(Referring expression grounding data)
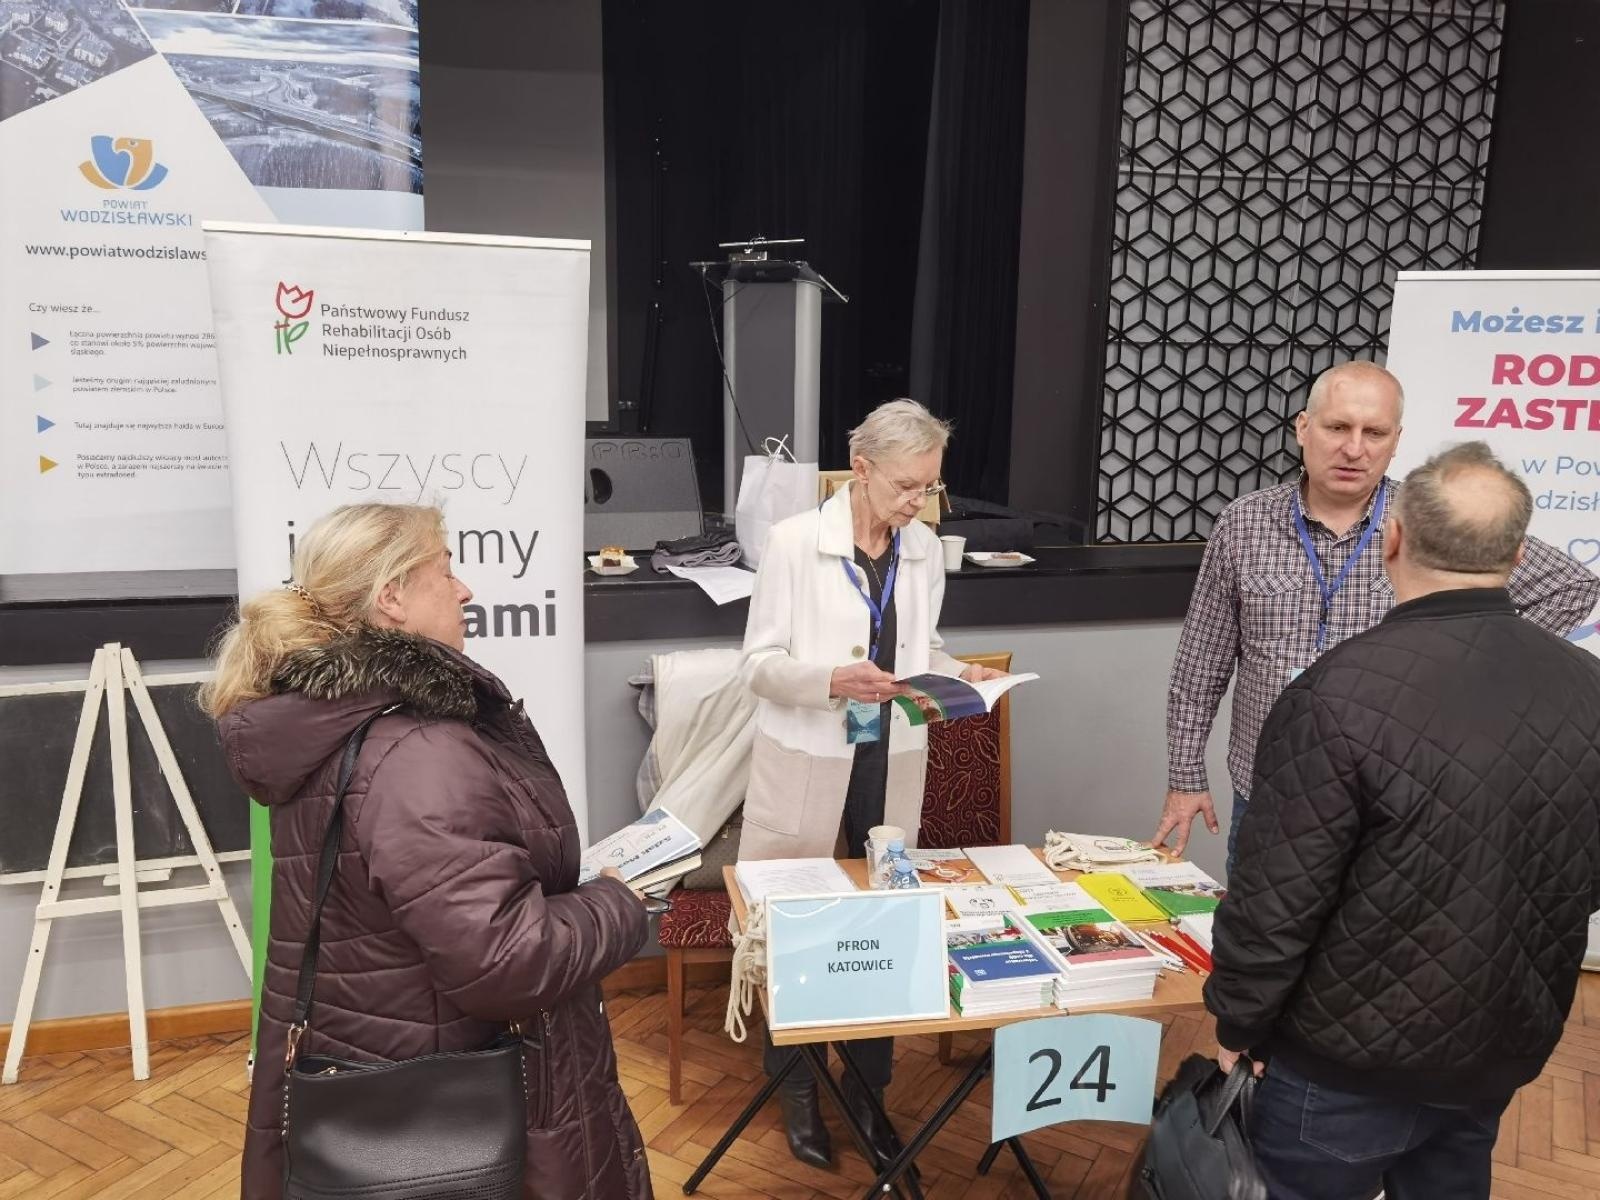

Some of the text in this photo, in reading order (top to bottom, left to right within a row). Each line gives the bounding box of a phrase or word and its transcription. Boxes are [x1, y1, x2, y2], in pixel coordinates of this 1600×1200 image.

[102, 199, 148, 210] POWIAT
[60, 209, 192, 226] WODZISŁAWSKI
[29, 303, 47, 314] Czy
[50, 303, 78, 313] wiesz
[320, 303, 470, 323] Państwowy Fundusz
[1451, 306, 1585, 334] Możesz
[322, 323, 452, 343] Rehabilitacji Osób
[322, 343, 467, 363] Niepełnosprawnych
[279, 440, 528, 505] Wszyscy
[1521, 458, 1548, 475] w
[1535, 489, 1600, 512] dzisł
[837, 939, 880, 952] PFRON
[828, 958, 894, 974] KATOWICE
[1026, 1045, 1117, 1112] 24

**DESCRIPTION OF THE TASK**
Line by line, retype the records above exactly, minus the images.

**RESULT OF THIS EXERCISE**
Some of the text in this photo, in reading order (top to bottom, left to right within a row). Each line gives the bounding box of a phrase or word and its transcription. Boxes are [x1, y1, x2, y2], in pixel coordinates of this 1600×1200 image.

[102, 199, 148, 210] POWIAT
[60, 209, 192, 226] WODZISŁAWSKI
[29, 303, 47, 314] Czy
[50, 303, 78, 313] wiesz
[320, 303, 470, 323] Państwowy Fundusz
[1451, 306, 1585, 334] Możesz
[322, 323, 452, 343] Rehabilitacji Osób
[322, 343, 467, 363] Niepełnosprawnych
[279, 440, 528, 505] Wszyscy
[1521, 458, 1548, 475] w
[1535, 489, 1600, 512] dzisł
[837, 939, 880, 952] PFRON
[828, 958, 894, 974] KATOWICE
[1026, 1045, 1117, 1112] 24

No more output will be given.